Imponer sobre periódicos, radiodifusoras y televisoras cualquier
clase de contenido, o forzarles a publicar lo de otros, es una coacción
más grave que censurarlos, pues desvirtúa, pervierte
y confunde lo que por decisión propia harían los editores
y dueños responsables de ese medio de difusión. En
ninguna gran democracia los medios de comunicación están
conminados a dar espacio a publicaciones o declaraciones de nadie,
a menos, como hemos señalado, que lo determine un juez al
fallar en un proceso.
Las publicaciones forzosas de coletillas(agregados
al pie de textos) y aclaraciones fueron el inicio de
la ofensiva de Fidel Castro contra los medios independientes cubanos
y contra la libertad de expresión. Con las coletillas
pretendían los castristas desvirtuar o negar lo que se publicaba
en cada medio; el régimen afirmó que era esencial
que los cubanos conocieran la verdad, la verdad del
castrismo, exigiendo a los periodistas que trabajaban en los medios
denunciar publicaciones críticas de la revolución
y agregarle las coletillas.
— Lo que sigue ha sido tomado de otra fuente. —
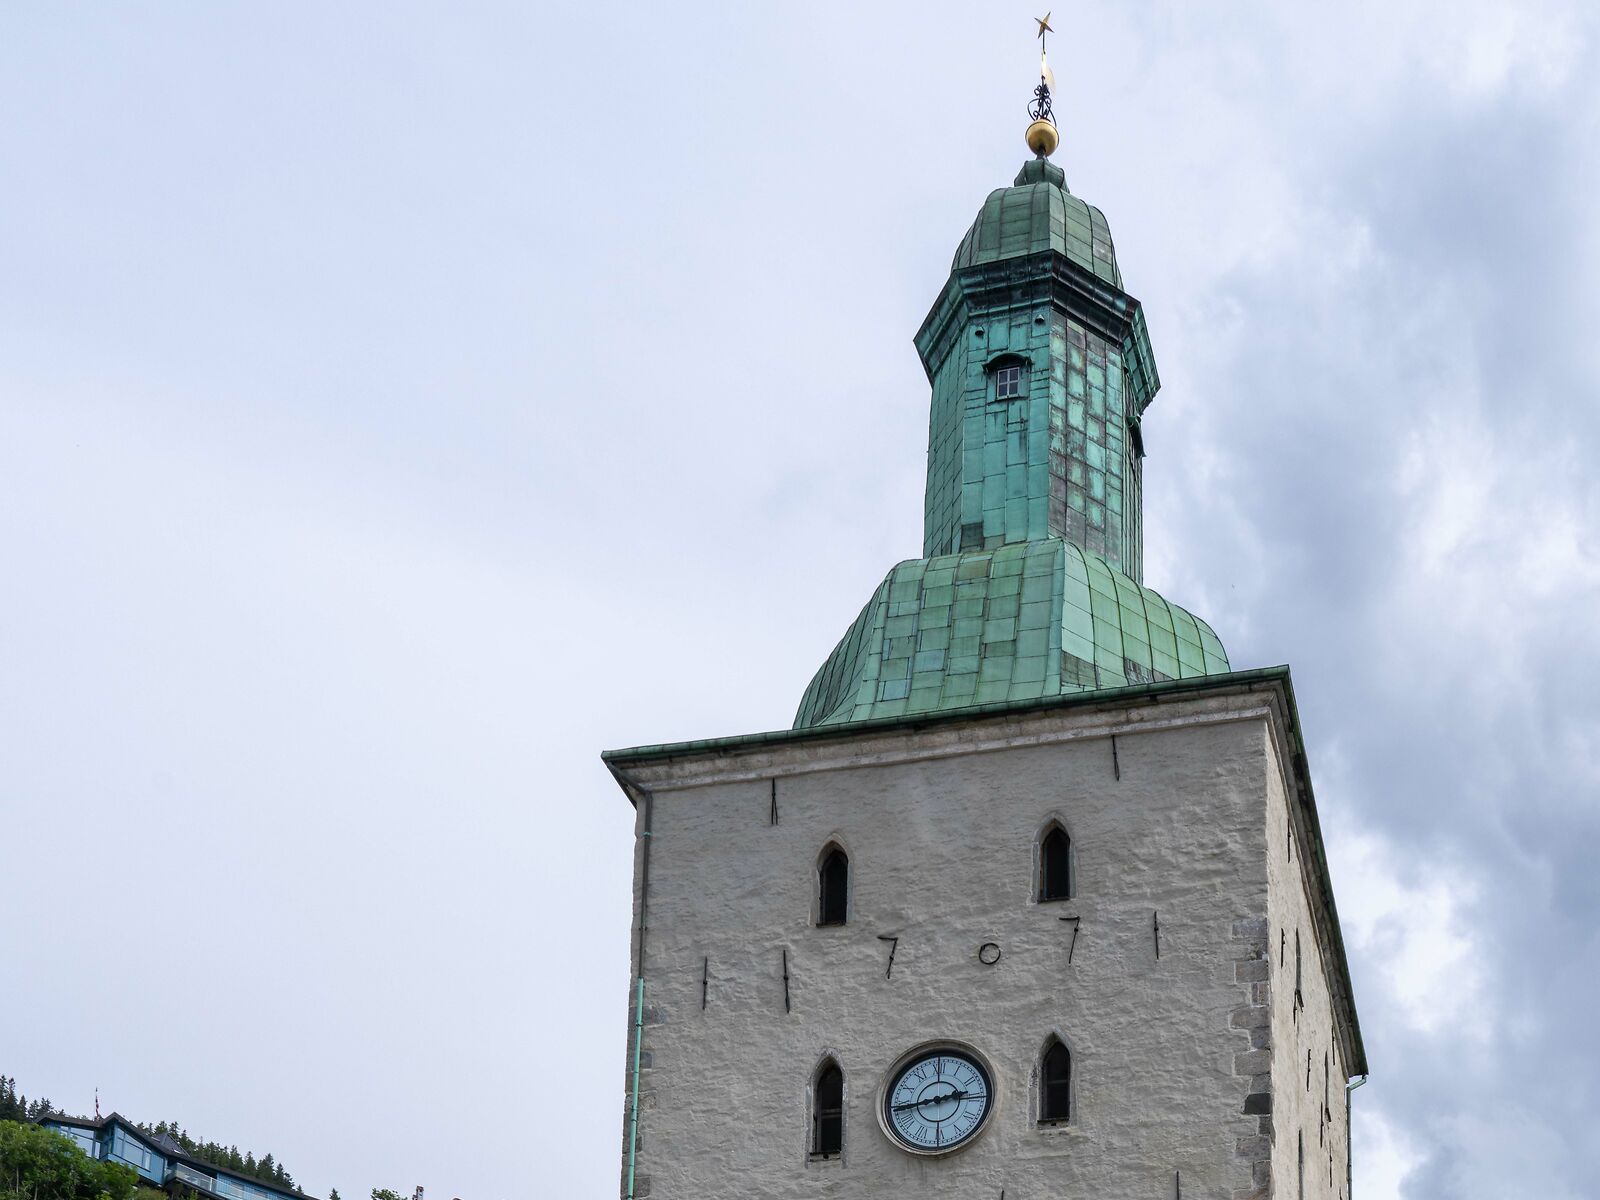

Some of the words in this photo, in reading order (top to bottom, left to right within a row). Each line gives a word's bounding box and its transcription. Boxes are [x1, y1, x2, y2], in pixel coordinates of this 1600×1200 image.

Se comenzó con tales agregados
para terminar, en pocos meses, suprimiendo a los medios independientes
del país. Todo lo que en Cuba pasa hoy como diarios y radiodifusoras
está al servicio incondicional de la dictadura. Y la licencia
para agregar coletillas se terminó para los periodistas.
Cada medio determina sus políticas
Como dijo doña Mercedes al censor, entregar a otros la responsabilidad
de lo que se publica equivale a renunciar a un derecho fundamental,
a vender el alma de un diario. Y eso es lo que pretenden ciertos
grupos: que los editores y los responsables de los medios de difusión
del pensamiento se vean forzados a publicar escritos ajenos, o no
puedan editar ni descartar lo que sus reporteros escriban o graben,
indistintamente de su calidad o intención.
La coacción se quiere disfrazar como una exigencia
ética, alegando que se ha dado un retroceso
en el periodismo salvadoreño. Diremos que cualquier grupo
de individuos puede armar los códigos de ética
que le dé la gana, pero nadie, fuera de ellos, está
en la obligación de acatarlos.
Los medios de comunicación, como empresas organizadas, deben
establecer sus políticas informativas para determinar la
naturaleza y extensión de sus contenidos. Eso es parte del
quehacer empresarial y de la eficiente administración de
sus recursos financieros y publicitarios.
Sin esa dirección periodística, que es parte del
acerbo profesional del medio de difusión, se caería
en un caos de nefastas consecuencias.
Los periódicos no son cunetas callejeras, que recogen todas
las aguas sin discriminación ni orden.